Going cruelty free, a collection of myth-busting thoughts...


Why make the "effort"? Why go cruelty-free?


Apologies for the lack of posts recently, I've been a bit low on funds and I must use up all my current make-up before I get to make any exciting new purchases! However I thought I'd take this opportunity, not to do a product review or beauty feature but to focus a bit more on the thinking behind cruelty-free. My cruelty-free approach to cosmetics gets a really favourable response and generally sparks conversation. People are positive and supportive and kind. They applaud the idea, but at the same time many people feel the need to tell me why they personally don't buy cruelty free: 'it's too expensive', 'it's too much effort', 'it's not as good as my current make-up'. Occasionally when shopping with friends, they will awkwardly apologise - 'sorry Annie', 'oh no don't judge me' - when buying non CF make-up. This makes me a little sad, as I'm not here to judge, no-one should feel like they have to apologise for their choices. My blog is here not to shove the cruelty-free ethos in people's faces but to raise awareness of the brands that are cruelty-free, it's here to give people a choice and information. Because that's what going cruelty-free is all about for me, it's making choices here and there that you can be confident in.
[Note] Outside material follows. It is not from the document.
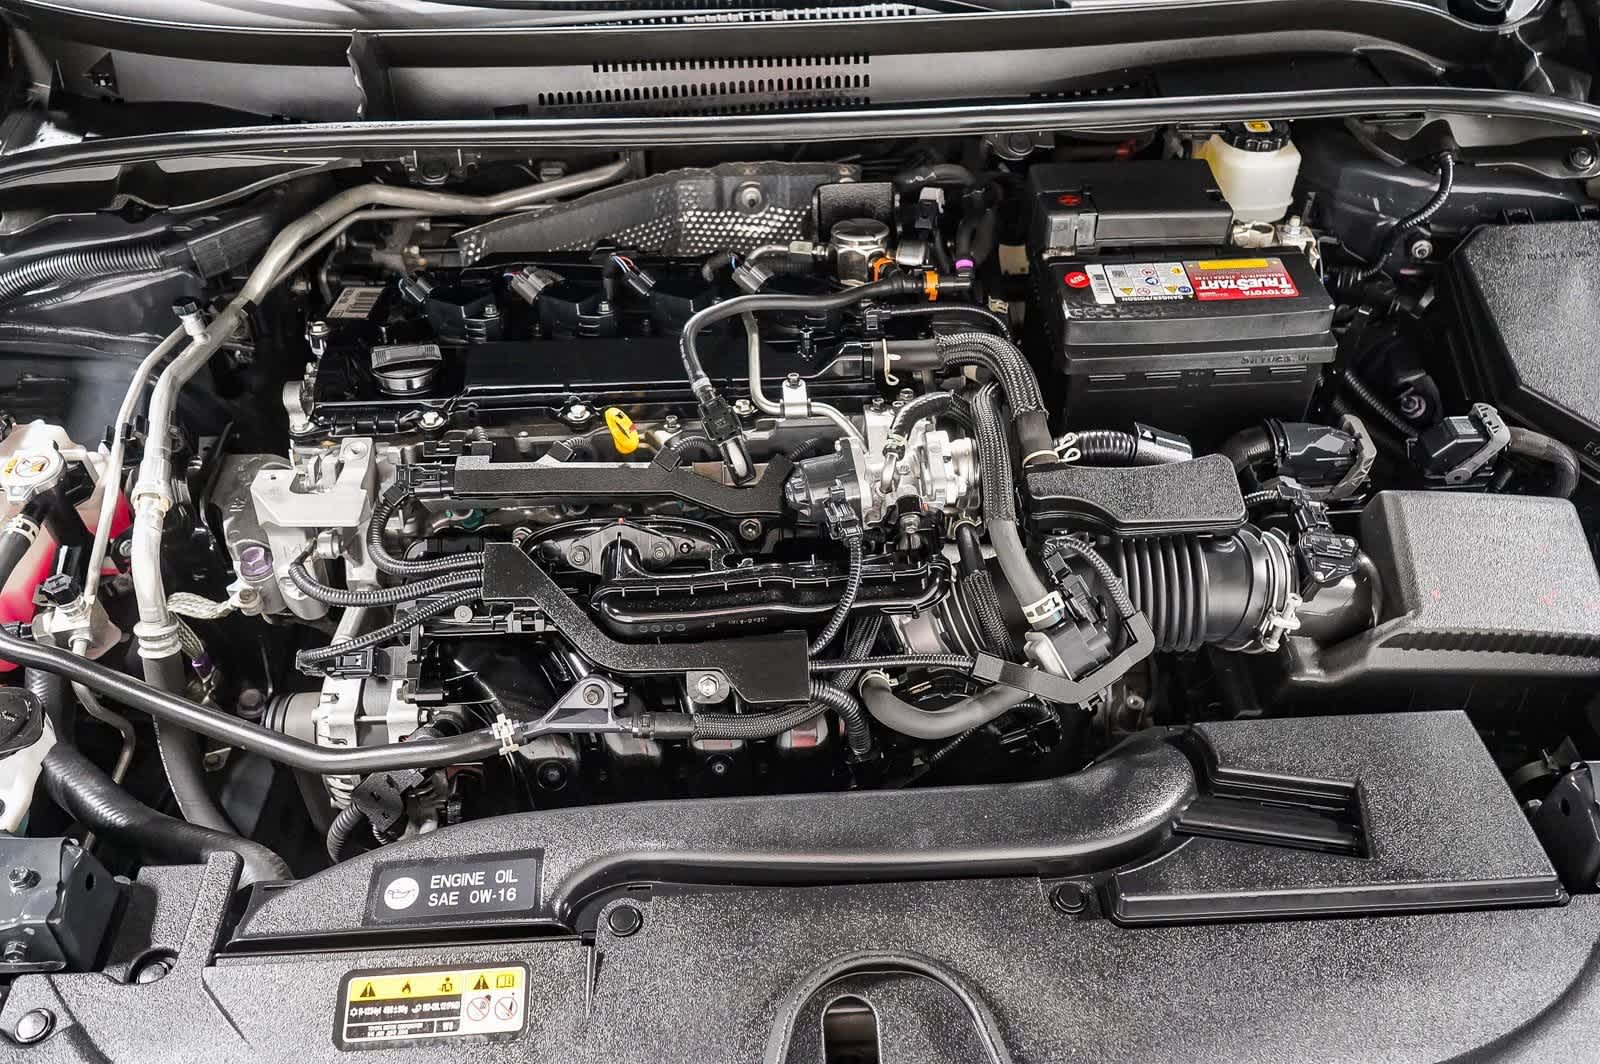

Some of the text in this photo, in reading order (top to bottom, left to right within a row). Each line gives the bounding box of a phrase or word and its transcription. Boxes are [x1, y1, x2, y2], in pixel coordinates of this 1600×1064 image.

[430, 869, 519, 889] ENGINE OIL
[428, 887, 517, 907] SAE 0W-16
To answer the question 'why go cruelty free?' it's tempting to post a photo of a tortured rabbit, a blind kitten, or a burnt and hairless mouse. And yet, no one wants to see that, people have had the shock treatment, everyone already knows the facts, they've heard the numbers. I think the question that needs to be posed back is: 'well, why not go cruelty free?'

Again, the reasons: 'it's too expensive', 'it's not as good as my current make-up', 'I don't care', 'it's too much effort' might pop up but I intend this post to act as a kind of cruelty free 'myth buster' as I mull over my own experience of and thoughts on making the transition to cruelty free. It might just be a lot of nonsensical rambling but I hope someone, somewhere, gets something from it...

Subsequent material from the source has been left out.